When the US security firm Checkpoint Software interviewed more than 700 businesses for their 2015 report they found that 42% of interviewees had encountered mobile security incidents, which cost more than $250,000 each to fix.
We’ve collated the list of expert, yet basic tips to help you secure smartphones used by your employees.
24 security tips for business smartphones
- Keep a comprehensive log of the phones given to your employees for work, and ensure that phone retrieval/wiping is part of your staff termination procedures
- Set in place a formal business phone use protocol, with safety and security at its heart, and train staff in how to keep their phone secure both inside and outside of work
- Choose a phone with the proven security and anti-theft features
- Enforce use of lock codes – we’d recommend 6 digits as a minimum length, with a lock-out featurte
- Switch on ‘Do Not Track’ in your mobile web browser to stop websites from collecting your data
- Block your phone number to stop businesses harvesting it and potentially selling the data on
- Use a service such as Google Voice to block incoming callers who are not in your phone book
- Learn how to recognise spam calls that could result in your number being sold to marketing companies. A caller ID solution is a good tool
- Use a recovery app to find phones if they are lost or stolen – they can find devices via their GPS location
- Log completely out of any websites you visit via the phone, particularly important if you use your business phone to buy items online
- Enable all the phone’s security features and tools, and update them as soon as updates become available
- Add contact information to your device so if someone finds it, they can return it to you
- Only download apps from stores you know for sure you can trust, like the Apple or Google store, and avoid third party app stores at all costs. They’re notorious for spreading viruses and malware
- Only download the apps you actually need for business
- Keep your personal and work phones totally separate, with no cross-over of data or contacts
- Back up your data regularly, ideally onto the cloud
- Keep your operating system updated to the latest versions
- When you’re not using the phone, turn WiFi and Bluetooth off.

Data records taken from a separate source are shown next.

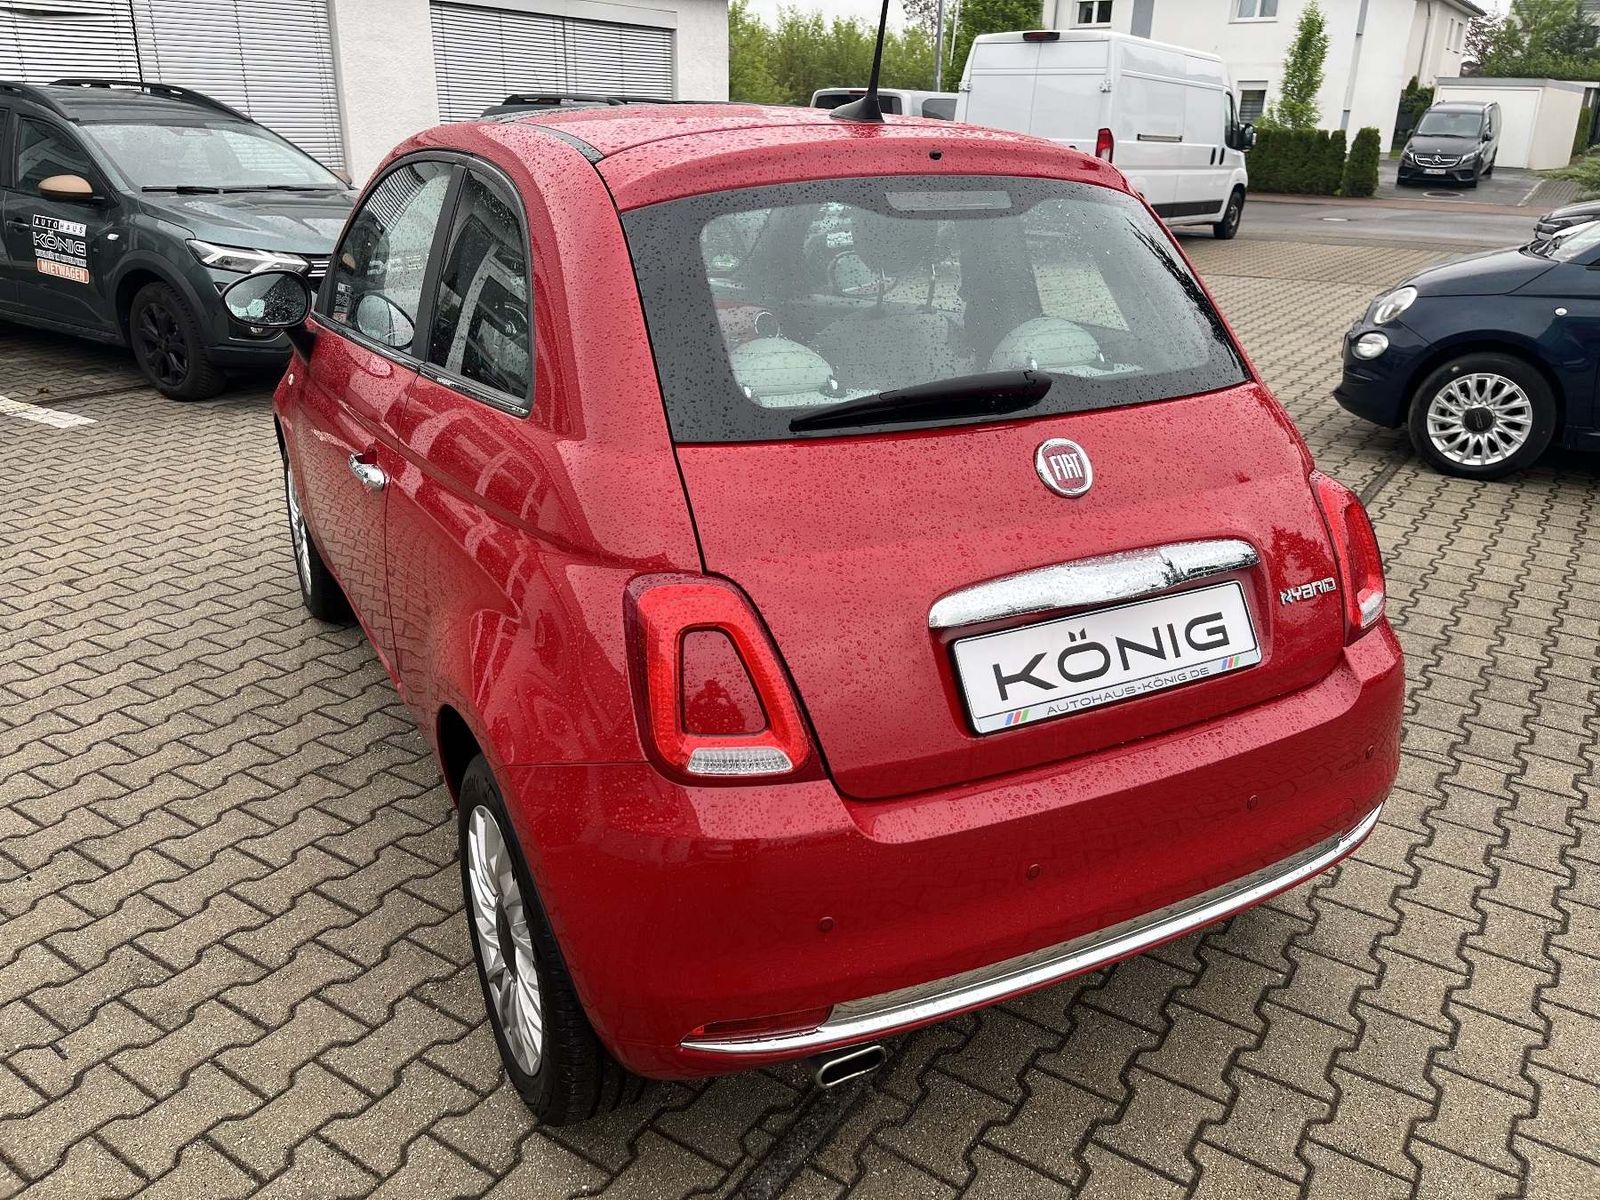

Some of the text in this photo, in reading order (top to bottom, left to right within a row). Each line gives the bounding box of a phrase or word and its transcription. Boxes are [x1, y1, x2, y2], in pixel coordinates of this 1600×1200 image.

[33, 230, 86, 257] KÖNIG
[41, 260, 86, 282] MIETWAGEN
[1048, 453, 1083, 481] FIAT
[1279, 577, 1337, 605] HYBRID
[993, 612, 1230, 701] KÖNIG
[1046, 667, 1210, 715] AUTOHAUS-KÖNIG.DE
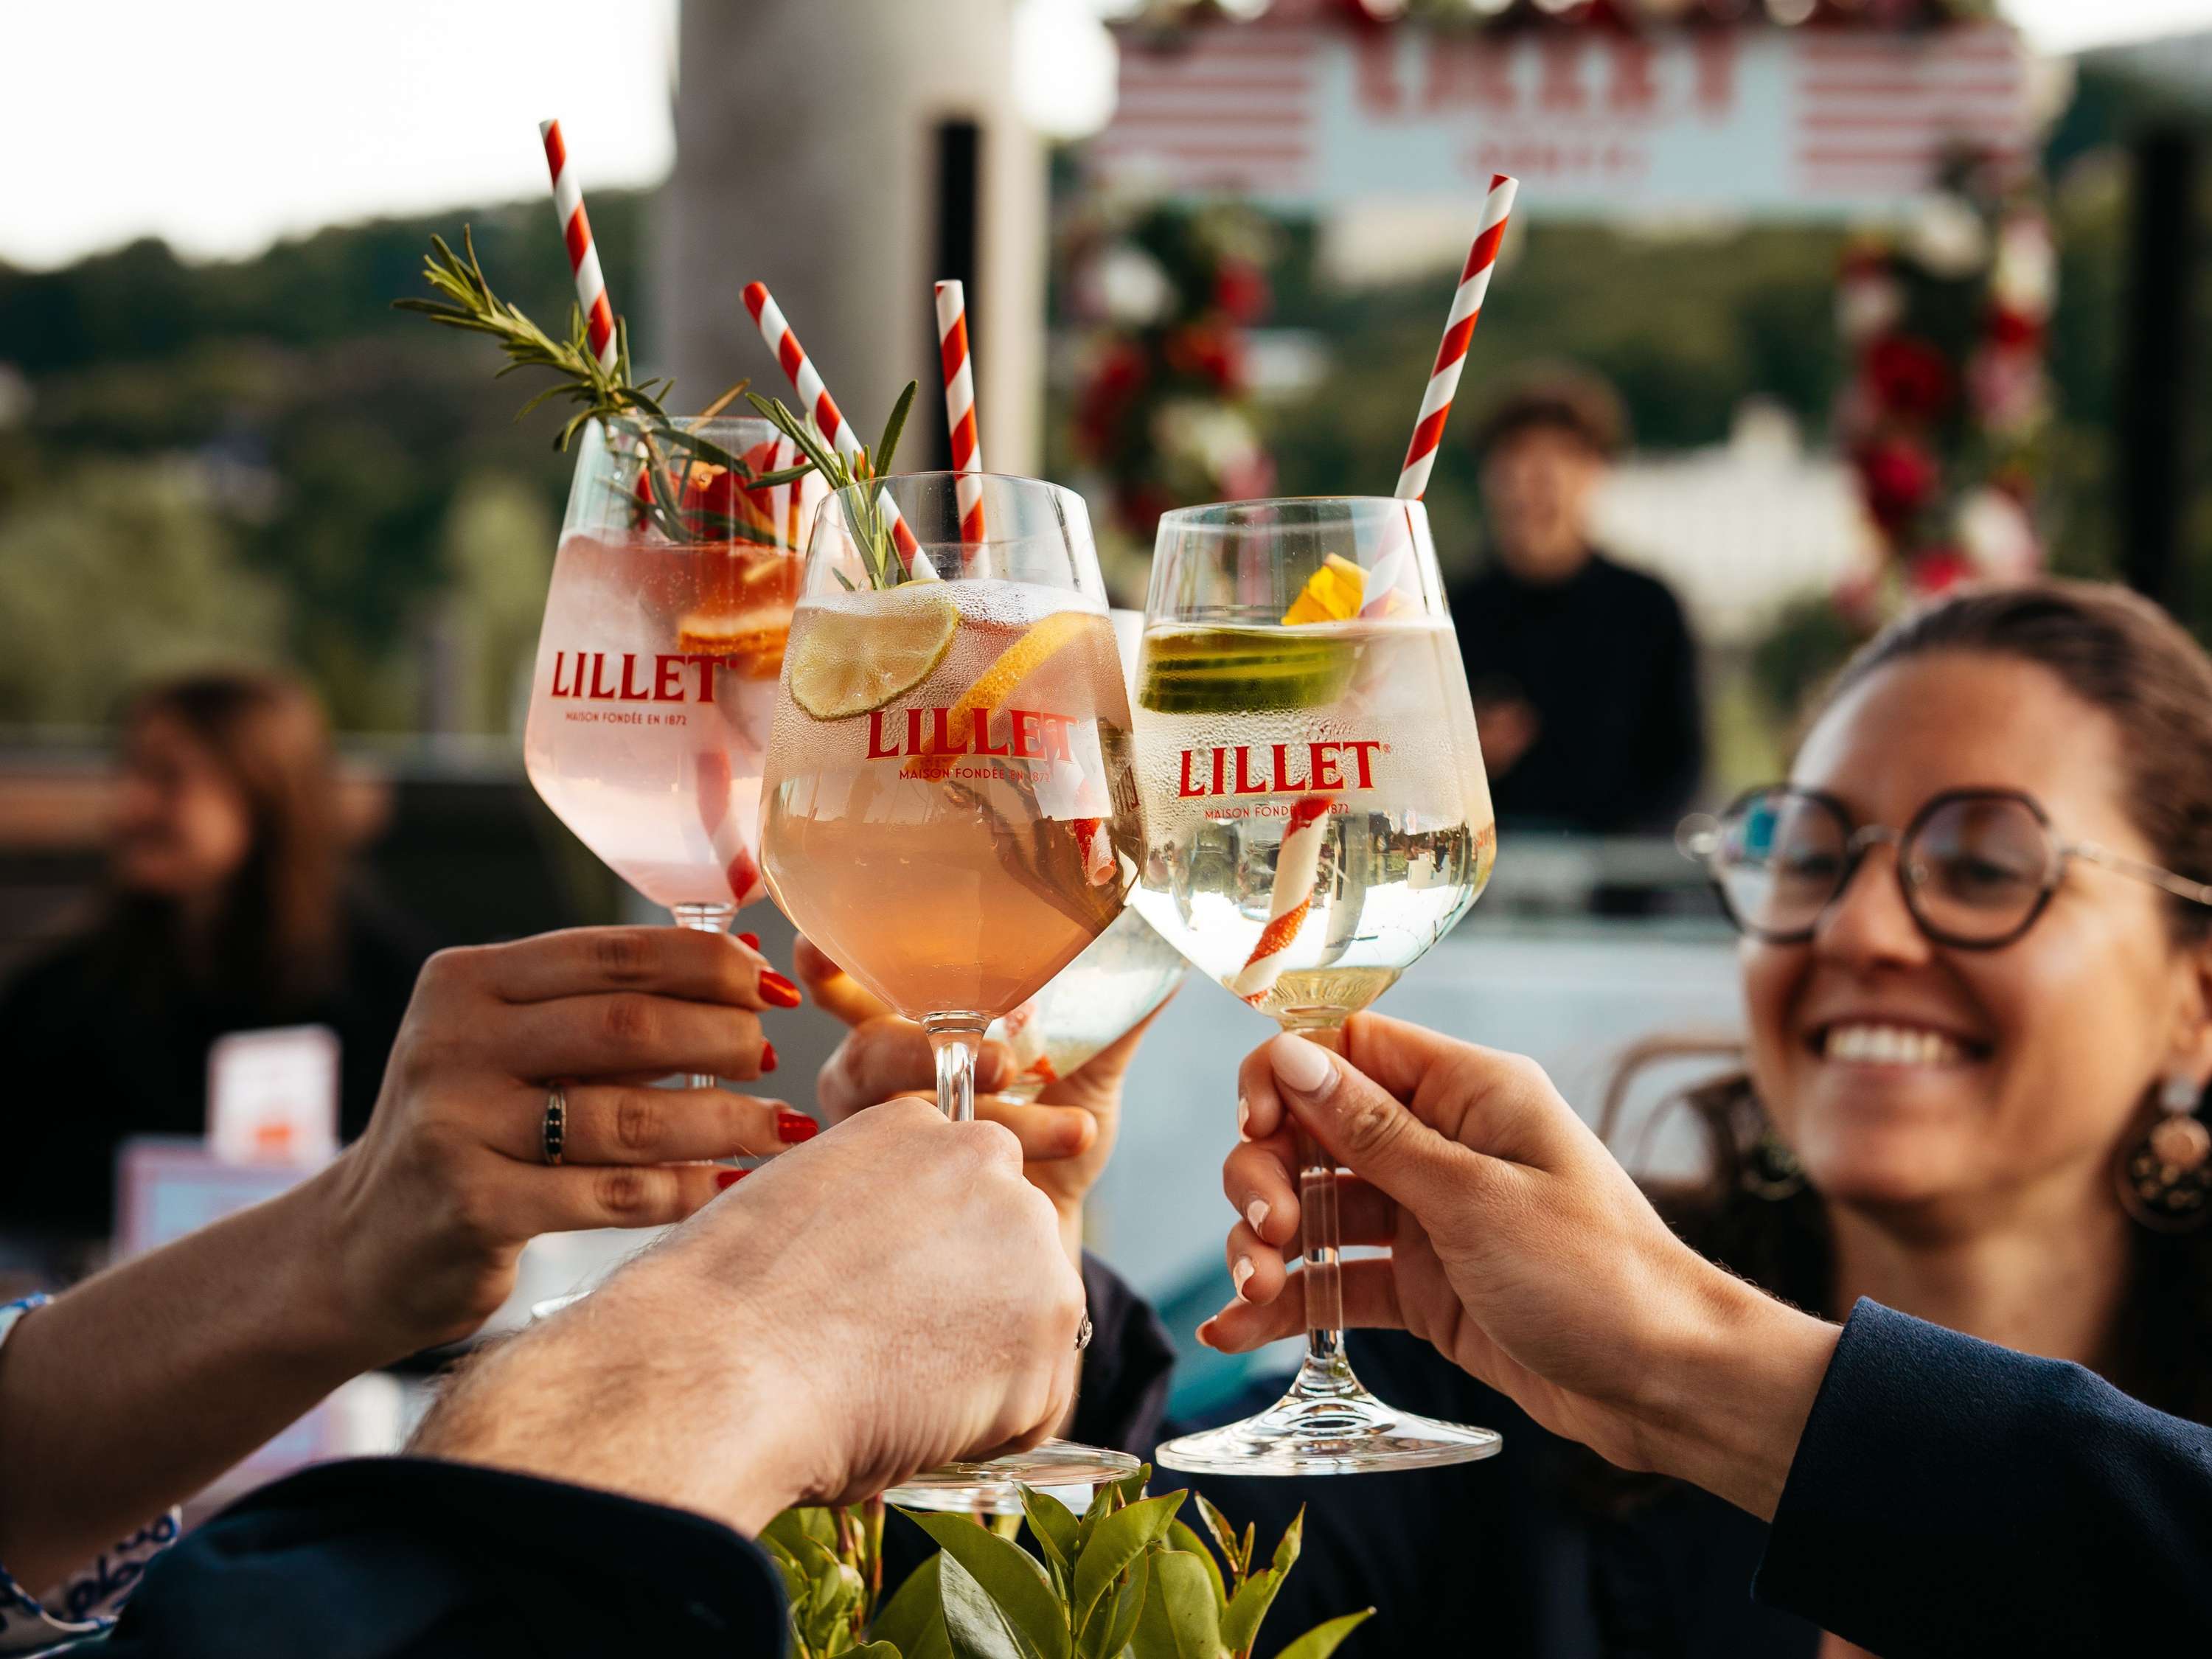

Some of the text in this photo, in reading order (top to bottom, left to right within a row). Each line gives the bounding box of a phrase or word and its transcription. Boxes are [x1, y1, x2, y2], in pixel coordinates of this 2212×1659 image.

[552, 651, 728, 703] LILLET
[566, 712, 687, 726] MAISON FONDÉE EN 1872
[866, 707, 1079, 764] LILLET
[899, 768, 950, 780] MAISON
[956, 767, 1004, 779] FONDÉE
[1010, 770, 1023, 780] EN
[1178, 741, 1380, 798] LILLET
[1205, 807, 1250, 819] MAISON
[1255, 803, 1304, 817] FONDÉ

- Reject unsolicited texts and emails – ideally, don’t even open them
- Consider encrypting all traffic with a VPN service
- Never leave a mobile unattended
- Don’t use unsecured WiFi networks
- Keep the phone locked when not in use; use autolock after a set amount of time
- Encrypt sensitive information
Finally, as technologies and the threats to them are always evolving, regular mobile security reviews are necessary to ensure your staff are fully aware of any new threats and know exactly how to avoid current threats.